We showed it in the Kempinsky Hotel, High End Fair with a pair of Petite L`Audiophil we also build.
By pure coincidende it came back to Papa.
A friend of mine 5kM from me has it. He rescuded it from the waist bin and after some minor repair it does the dirty deeds still well.
I can make some photos.
 
I'm afraid you'll die of old age waiting for ALL recordings to sound good, Frank, because quite simply, some are bad enough to be unrecoverable. If what you have as their output is distorted and clipped sound, the better the equipment the more distortion and clearer clipping you'll get - period. But, as I said, there are occasions when you realize that what you previously believed to be a poor recording is in fact a good one, when played on competent equipment. True of both LPs and CDs.

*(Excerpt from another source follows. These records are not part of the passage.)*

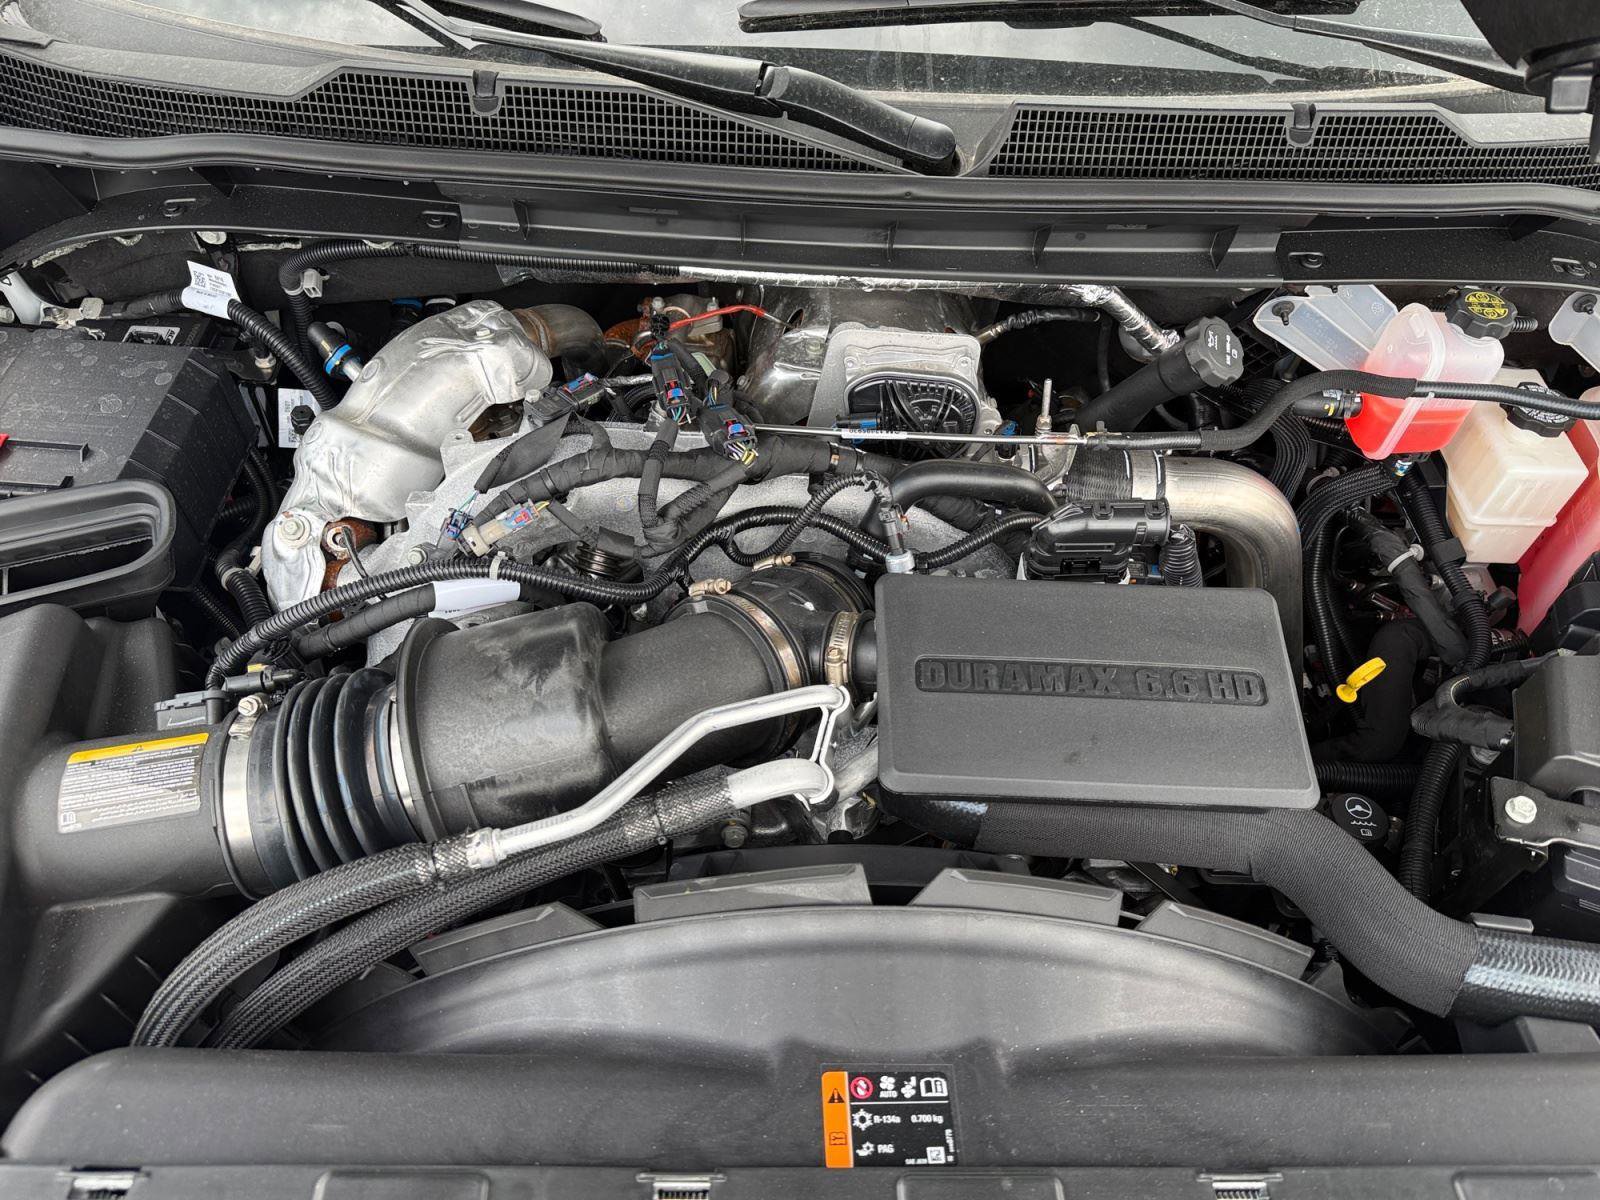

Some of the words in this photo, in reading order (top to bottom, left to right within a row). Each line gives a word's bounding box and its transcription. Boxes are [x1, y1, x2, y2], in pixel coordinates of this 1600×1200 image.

[920, 661, 1121, 695] DURAMAX
[1136, 668, 1199, 700] 6.6
[1207, 671, 1263, 701] HD
[879, 1090, 898, 1098] AUTO
[873, 1114, 901, 1123] R-134a
[910, 1114, 932, 1123] 0.700
[932, 1114, 944, 1124] kg
[877, 1144, 895, 1154] PAG

"Bad" recordings sound dreadful on lower performing systems for various reasons, Dejan - there are many issues that cause them to sound unpleasant, including such things as transfers through noise reduction processes which did an appalling job - I have one of the latter, a Gene Pitney roughie, which can sound unbelievably obnoxious; it's hideous on a typical hifi system. This was a satisfying one to get over the hurdle - and the technique every time is to lift the replay quality to the point where you don't notice the overt mangling any more; the musical message overrides all the damage that was done to the recording ...
 
The magic wand is trial and error, Frank :) ... I was lucky enough to start major experimenting in audio using source material which many would consider 'difficult', so right from the get go I had the "right attitude", so to speak. There were times when I thought a particular recording was beyond redemption, but then I managed to squeeze in a significant improvement - and that recording suddenly came together, had got over the hurdle of there being "sufficient quality" in the system to make it subjectively "work" ...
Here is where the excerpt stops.